The problem ▸ Type the listing below out again exactly. No images.

Supplied material ▸
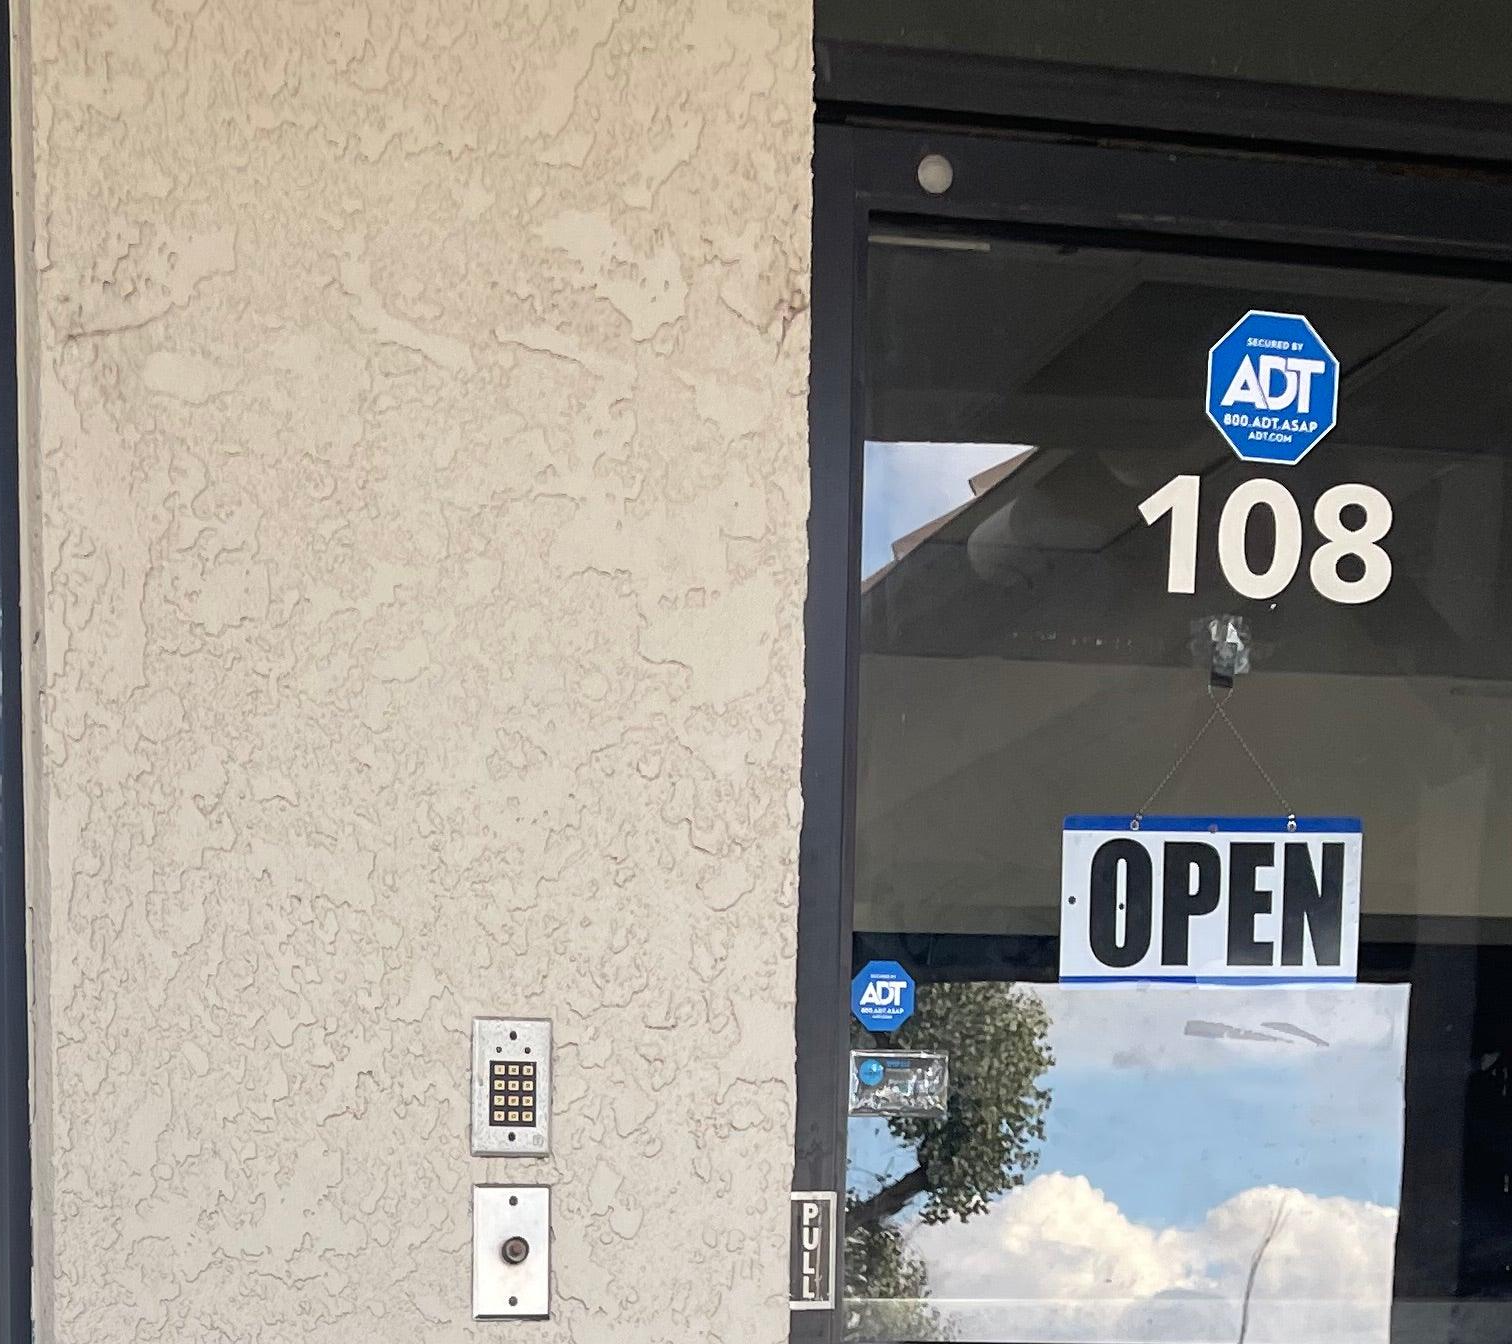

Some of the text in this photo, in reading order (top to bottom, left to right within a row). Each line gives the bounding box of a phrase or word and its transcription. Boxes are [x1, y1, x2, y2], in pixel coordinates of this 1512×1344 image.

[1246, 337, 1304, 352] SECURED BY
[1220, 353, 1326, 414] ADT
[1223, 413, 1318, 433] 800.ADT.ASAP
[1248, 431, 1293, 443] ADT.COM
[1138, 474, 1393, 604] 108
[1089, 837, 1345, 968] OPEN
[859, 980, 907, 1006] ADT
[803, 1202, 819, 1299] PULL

Result for this exercise ▸
Some of the text in this photo, in reading order (top to bottom, left to right within a row). Each line gives the bounding box of a phrase or word and its transcription. Boxes are [x1, y1, x2, y2], in pixel coordinates of this 1512×1344 image.

[1246, 337, 1304, 352] SECURED BY
[1220, 353, 1326, 414] ADT
[1223, 413, 1318, 433] 800.ADT.ASAP
[1248, 431, 1293, 443] ADT.COM
[1138, 474, 1393, 604] 108
[1089, 837, 1345, 968] OPEN
[859, 980, 907, 1006] ADT
[803, 1202, 819, 1299] PULL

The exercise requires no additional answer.